* Source data *
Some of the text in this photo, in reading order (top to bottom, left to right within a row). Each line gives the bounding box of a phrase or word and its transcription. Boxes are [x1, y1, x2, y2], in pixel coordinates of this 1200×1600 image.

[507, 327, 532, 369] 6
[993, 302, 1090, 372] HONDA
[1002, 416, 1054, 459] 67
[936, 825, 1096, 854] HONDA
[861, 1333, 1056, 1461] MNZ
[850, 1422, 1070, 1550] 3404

* Problem to solve *
Copy each line of the data above without altering a single character.

* Response *
Some of the text in this photo, in reading order (top to bottom, left to right within a row). Each line gives the bounding box of a phrase or word and its transcription. Boxes are [x1, y1, x2, y2], in pixel coordinates of this 1200×1600 image.

[507, 327, 532, 369] 6
[993, 302, 1090, 372] HONDA
[1002, 416, 1054, 459] 67
[936, 825, 1096, 854] HONDA
[861, 1333, 1056, 1461] MNZ
[850, 1422, 1070, 1550] 3404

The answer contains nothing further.